Birth Control Coverage Heads Back to the Supreme Court

shutterstock_174200045The Supreme Court today agreed to hear arguments from religiously affiliated non-profits challenging women’s right to access insurance coverage for birth control under the Affordable Care Act (ACA).

The non-profits seeking to deny women employees access to birth control argue that the requirement to fill out a one-page form to receive an exemption from covering birth control places a substantial burden on their exercise of religion and violates the Religious Freedom Restoration Act (RFRA).

“Birth control is basic health care for women. These challenges are not about religion. There is no law in the United States that allows an employer, even a religiously-affiliated non-profit, to impose a religious belief on an employee,” said Feminist Majority President (and publisher of Ms.) Eleanor Smeal. “Plain and simple, these cases are about sex discrimination and whether or not religion—in the United States—can still be used as a cover to discriminate against women. Will we have equal rights and democracy for everyone, or will we have democracy for men and theocracy for women?”

Under the ACA, health insurance companies must cover the full cost of all FDA-approved contraceptives—including the pill, IUDs and emergency contraception—without requiring co-pays or cost-sharing. Religious employers, like churches, are already entirely exempt from this requirement.

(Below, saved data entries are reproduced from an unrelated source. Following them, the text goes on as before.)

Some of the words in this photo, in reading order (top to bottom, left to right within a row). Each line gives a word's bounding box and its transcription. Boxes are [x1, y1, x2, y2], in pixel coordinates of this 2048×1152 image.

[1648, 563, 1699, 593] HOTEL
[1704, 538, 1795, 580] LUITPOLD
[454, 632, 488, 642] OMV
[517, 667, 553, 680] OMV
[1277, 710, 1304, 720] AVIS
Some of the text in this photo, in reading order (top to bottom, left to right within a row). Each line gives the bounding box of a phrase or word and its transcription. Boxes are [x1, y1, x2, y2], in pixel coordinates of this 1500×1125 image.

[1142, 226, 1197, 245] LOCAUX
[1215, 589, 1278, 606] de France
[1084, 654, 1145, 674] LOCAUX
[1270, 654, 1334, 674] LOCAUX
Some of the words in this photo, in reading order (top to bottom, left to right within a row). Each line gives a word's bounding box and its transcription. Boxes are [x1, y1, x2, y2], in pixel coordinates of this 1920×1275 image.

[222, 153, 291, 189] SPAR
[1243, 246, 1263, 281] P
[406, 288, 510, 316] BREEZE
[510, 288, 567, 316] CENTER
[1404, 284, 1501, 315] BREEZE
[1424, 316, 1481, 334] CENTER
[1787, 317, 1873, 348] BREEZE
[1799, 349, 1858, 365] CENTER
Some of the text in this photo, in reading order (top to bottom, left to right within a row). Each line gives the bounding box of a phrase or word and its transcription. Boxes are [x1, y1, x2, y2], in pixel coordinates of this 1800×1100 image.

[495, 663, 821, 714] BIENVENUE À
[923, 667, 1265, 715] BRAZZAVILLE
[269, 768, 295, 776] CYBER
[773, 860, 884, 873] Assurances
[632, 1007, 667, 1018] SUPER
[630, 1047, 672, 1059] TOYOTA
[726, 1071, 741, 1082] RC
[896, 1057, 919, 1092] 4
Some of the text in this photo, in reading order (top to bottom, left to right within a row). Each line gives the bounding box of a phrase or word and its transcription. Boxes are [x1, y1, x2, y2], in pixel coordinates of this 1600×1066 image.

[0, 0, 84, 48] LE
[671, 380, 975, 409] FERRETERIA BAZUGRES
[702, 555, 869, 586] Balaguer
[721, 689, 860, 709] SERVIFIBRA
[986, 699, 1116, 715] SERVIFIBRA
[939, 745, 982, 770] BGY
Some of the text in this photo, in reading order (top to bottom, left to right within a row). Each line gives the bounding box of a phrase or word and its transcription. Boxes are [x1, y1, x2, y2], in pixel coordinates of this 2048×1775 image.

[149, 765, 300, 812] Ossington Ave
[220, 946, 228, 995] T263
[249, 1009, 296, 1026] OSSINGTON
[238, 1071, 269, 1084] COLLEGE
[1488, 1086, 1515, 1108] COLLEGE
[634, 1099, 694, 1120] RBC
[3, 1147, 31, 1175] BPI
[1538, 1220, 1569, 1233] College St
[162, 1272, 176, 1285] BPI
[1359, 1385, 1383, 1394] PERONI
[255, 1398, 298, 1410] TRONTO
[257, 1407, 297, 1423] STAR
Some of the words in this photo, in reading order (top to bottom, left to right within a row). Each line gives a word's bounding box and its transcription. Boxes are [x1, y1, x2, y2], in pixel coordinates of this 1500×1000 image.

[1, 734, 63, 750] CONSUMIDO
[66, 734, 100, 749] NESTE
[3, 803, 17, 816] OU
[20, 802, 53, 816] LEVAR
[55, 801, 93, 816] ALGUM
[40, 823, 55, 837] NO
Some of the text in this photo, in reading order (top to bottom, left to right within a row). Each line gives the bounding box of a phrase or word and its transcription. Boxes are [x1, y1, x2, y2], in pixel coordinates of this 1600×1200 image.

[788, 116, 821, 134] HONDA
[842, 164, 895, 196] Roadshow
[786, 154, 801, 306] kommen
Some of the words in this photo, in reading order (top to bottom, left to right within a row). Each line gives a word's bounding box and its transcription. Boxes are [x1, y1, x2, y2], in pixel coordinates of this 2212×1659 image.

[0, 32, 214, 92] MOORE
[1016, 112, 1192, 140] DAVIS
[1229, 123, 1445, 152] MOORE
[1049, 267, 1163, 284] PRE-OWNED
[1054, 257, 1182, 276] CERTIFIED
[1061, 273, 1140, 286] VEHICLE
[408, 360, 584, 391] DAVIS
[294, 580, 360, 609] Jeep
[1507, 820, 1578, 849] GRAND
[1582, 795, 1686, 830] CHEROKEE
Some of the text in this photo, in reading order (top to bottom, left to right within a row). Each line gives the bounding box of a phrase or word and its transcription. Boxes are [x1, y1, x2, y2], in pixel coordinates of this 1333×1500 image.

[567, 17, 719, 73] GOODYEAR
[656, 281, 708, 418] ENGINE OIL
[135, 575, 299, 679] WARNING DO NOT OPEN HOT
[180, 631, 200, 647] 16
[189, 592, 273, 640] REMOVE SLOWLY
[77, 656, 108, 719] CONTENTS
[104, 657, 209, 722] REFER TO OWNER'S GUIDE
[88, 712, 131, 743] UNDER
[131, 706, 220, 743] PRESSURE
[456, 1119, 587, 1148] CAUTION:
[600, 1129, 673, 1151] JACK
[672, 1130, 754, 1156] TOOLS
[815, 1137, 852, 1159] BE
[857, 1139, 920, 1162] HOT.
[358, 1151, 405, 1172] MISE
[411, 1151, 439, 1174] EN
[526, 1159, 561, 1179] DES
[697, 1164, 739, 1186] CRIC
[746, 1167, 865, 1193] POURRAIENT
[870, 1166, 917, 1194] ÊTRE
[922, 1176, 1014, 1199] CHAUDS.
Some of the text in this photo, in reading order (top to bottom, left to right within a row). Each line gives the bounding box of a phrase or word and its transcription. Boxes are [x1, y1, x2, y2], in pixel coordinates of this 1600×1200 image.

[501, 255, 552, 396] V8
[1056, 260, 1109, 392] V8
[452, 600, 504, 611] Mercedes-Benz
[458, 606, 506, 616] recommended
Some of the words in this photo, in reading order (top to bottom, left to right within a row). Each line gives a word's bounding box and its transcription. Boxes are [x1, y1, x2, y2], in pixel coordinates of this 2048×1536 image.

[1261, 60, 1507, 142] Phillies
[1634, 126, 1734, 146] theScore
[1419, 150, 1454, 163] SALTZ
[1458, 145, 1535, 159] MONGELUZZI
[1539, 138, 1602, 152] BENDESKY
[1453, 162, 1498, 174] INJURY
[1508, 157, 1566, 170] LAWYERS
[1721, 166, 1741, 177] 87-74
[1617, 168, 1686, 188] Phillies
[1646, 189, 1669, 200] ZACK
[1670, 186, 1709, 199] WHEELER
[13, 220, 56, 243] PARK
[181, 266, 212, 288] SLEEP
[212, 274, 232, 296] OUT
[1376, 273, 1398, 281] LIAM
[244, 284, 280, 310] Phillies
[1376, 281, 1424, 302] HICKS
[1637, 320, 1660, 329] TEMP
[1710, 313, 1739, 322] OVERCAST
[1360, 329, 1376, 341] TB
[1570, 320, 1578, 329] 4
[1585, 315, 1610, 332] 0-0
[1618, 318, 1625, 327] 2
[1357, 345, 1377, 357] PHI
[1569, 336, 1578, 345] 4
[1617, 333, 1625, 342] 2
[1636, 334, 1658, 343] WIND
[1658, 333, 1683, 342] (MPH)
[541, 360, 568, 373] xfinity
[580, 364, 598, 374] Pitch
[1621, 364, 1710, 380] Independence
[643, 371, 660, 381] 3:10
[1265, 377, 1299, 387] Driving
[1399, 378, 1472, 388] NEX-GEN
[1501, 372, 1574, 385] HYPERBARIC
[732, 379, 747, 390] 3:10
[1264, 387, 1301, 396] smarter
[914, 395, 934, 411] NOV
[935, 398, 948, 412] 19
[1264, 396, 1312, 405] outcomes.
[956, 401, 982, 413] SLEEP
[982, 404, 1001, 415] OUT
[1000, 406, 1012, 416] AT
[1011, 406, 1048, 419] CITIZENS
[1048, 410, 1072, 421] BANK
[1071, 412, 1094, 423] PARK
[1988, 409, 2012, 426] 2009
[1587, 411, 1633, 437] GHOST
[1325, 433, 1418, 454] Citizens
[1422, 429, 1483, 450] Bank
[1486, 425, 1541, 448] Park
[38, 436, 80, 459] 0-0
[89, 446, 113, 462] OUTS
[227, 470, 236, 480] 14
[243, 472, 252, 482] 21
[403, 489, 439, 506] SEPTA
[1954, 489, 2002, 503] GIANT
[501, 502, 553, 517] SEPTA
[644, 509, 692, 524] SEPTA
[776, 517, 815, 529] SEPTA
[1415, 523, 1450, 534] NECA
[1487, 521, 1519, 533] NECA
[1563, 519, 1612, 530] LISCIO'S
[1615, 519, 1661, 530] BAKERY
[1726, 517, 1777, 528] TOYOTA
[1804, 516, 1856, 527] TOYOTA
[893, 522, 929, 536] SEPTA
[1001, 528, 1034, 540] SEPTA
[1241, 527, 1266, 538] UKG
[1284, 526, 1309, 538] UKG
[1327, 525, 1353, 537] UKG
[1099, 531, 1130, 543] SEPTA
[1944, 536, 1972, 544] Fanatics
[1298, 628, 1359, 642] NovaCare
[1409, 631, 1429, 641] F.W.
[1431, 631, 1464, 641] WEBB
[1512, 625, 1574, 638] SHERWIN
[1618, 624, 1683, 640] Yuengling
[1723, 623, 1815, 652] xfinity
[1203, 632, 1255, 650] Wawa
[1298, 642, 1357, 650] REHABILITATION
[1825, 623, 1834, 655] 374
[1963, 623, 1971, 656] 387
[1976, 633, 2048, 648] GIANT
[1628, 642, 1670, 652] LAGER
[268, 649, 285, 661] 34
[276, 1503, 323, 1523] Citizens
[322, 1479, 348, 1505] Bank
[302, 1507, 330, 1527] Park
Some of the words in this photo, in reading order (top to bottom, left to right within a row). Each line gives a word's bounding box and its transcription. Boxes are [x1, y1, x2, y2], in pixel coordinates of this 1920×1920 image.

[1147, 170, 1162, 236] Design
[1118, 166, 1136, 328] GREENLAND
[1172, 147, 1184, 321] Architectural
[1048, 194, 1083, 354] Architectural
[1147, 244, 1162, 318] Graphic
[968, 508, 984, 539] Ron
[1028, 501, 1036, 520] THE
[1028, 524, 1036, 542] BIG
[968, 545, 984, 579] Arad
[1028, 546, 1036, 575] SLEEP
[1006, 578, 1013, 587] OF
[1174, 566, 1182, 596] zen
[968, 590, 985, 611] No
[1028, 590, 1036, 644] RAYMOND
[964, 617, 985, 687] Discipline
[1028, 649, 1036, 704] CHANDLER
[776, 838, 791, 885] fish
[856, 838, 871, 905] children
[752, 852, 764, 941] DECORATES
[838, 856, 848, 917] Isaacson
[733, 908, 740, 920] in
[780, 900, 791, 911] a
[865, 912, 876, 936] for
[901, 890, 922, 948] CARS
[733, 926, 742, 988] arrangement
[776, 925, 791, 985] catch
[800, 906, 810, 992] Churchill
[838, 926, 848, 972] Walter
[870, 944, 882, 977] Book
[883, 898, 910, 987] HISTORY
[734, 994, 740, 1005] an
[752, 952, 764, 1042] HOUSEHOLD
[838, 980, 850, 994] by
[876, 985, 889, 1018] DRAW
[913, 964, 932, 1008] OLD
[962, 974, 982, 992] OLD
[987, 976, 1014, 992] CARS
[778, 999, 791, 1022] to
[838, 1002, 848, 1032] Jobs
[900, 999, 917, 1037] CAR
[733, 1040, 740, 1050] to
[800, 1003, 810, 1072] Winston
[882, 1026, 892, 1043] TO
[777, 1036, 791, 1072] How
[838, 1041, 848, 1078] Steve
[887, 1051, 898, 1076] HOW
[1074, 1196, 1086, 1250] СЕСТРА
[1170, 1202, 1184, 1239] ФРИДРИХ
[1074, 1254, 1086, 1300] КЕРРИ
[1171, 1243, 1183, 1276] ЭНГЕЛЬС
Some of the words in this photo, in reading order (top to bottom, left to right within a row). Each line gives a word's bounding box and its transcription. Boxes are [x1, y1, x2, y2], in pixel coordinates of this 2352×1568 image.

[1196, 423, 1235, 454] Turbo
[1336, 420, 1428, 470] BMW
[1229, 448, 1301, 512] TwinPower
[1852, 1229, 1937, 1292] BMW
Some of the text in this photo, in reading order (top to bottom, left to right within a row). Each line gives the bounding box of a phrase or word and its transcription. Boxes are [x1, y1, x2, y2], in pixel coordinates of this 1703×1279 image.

Religiously affiliated non-profits that object to providing birth control coverage to their employees are entitled to an accommodation that relieves them of their obligation to cover birth control.

To qualify for the accommodation, religiously affiliated non-profits must only inform their health insurance issuer, third-party administrator, or the Department of Health and Human Services (HHS)—via a simple government form—that it objects to providing insurance coverage for birth control. At that point, these organizations are no longer required to play any role in providing or subsidizing birth control. The insurance issuer or third-party administrator would be solely responsible for providing birth control benefits to affected employees.

Seven federal appeals courts have ruled that it is not a violation of the RFRA for a religiously affiliated non-profit to fill out a form indicating that it objects to providing insurance coverage for birth control. Only one court, the Eighth Circuit Court of Appeals, has sided with the non-profits.

The Supreme Court agreed to hear at least parts of all seven cases that requested review.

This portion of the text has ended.